Of the billions of tons of carbon let loose into the world’s atmosphere each year, China is responsible for 21 percent, mostly due to its growth in manufacturing. And due to the billions of tons of wastewater and sewage released into rivers and lakes by Chinese chemical firms every year, 300 million of its citizens do not have clean drinking water. Clearly, these ethical breaches represent the failure not of one individual but of scores of teams: to be exact, top management teams in organizations throughout the country. Does that mean the leaders of China’s companies are all unethical? Surely not.
To increase corporate social responsibility (CSR), we need to understand the team dynamics that lead to unethical decision making. First, we examine the context. As a major emerging country, China witnessed unprecedented growth in industry that has brought opportunities for corporate profits, better salaries, and better access to services for its citizens. Millions have been able to pull themselves and their families out of poverty. Few would argue that providing jobs and services isn’t a highly ethical pursuit. However, top management teams now face pressure to sustain growth at any cost. The top management team of Rongping Chemical Company made the tragic decision to cut costs and increase profits by dumping untreated chlorine into rivers, raising the level of chromium-6—a tasteless, odorless compound that causes ulcers and cancers—to over 20 times national standards. Other organizations, like Luliang Chemical Company, have done the same, endangering the health of the same citizens it helps with jobs and opportunities.
Some observers have been shocked that top management teams in a country with collectivist values, which stress a group-oriented outlook, would make decisions that don’t consider everyone affected by them. One recent study indicated that the problem is competing ethical principles: duty to others v. duty to society. As management teams faced financial dissatisfaction about their firm’s performance, environmental ethics and CSR actions decreased, suggesting the teams were feeling pressure from their organization’s stakeholders and becoming less concerned about the environment. They may also have rationalized that providing jobs was for the greater societal good and believed that violating stakeholder expectations would cost them their own place on the management team. However, the study found that on an individual level, when a person’s sense of collectivist values increased, environmental ethics also increased, suggesting that the top managers did favor CSR initiatives, but other concerns predominated in the team settings. We may conclude that these teams are likely hindering the progress of environmental awareness. When teams feel pressured to meet certain (sometimes narrow) metrics, there may be more unethical team decisions than individual members would make on their own.

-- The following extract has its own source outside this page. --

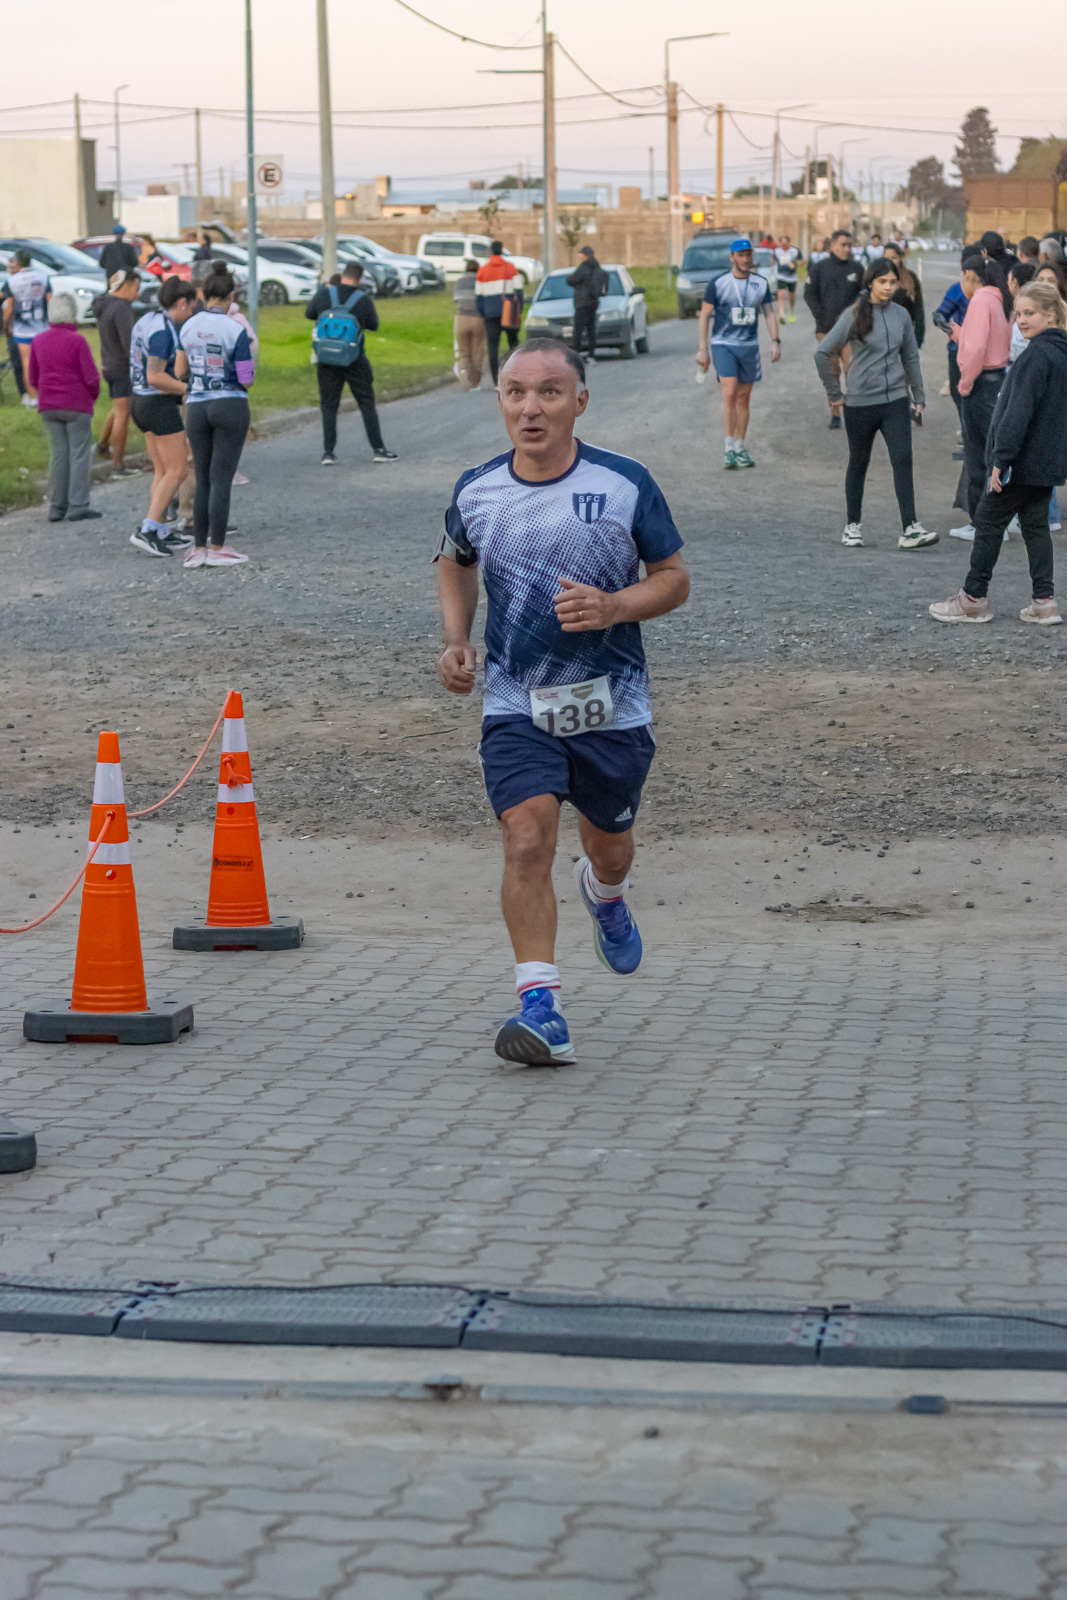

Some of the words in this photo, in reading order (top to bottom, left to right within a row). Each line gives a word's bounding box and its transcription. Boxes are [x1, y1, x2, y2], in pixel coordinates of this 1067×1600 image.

[263, 168, 276, 183] E
[578, 495, 601, 503] SFC
[539, 698, 606, 735] 138

• Do you think you could be convinced to let your organization dump chemicals such as chromium-6 into the water supply? Why or why not?
• Why might top management teams be more likely to make unethical decisions than their individual members would make?
• The cases of Rongping and Luliang are far from isolated incidents. You may remember the case of Pacific Gas & Electric (PG&E), which dumped chromium-6 into the water supply in Hinckley, California, as recounted in the movie Erin Brockovich. That case resulted in a $333 million award, the largest settlement ever in a direct-action lawsuit, to help the town’s 2,000 residents. In contrast, when 1,721 villagers brought suit against Rongping (more plaintiffs than ever in China, to date), the court ordered the company to pay a total compensation of $105,000 for damage to the land. And the Chinese environmental group Friends of Nature filed the country’s first-ever public-interest lawsuit, which shut down Rongping’s plant in a village, but did not offer monetary restitution for the villagers. How might these outcomes affect the ethical decisions of top management teams in the future?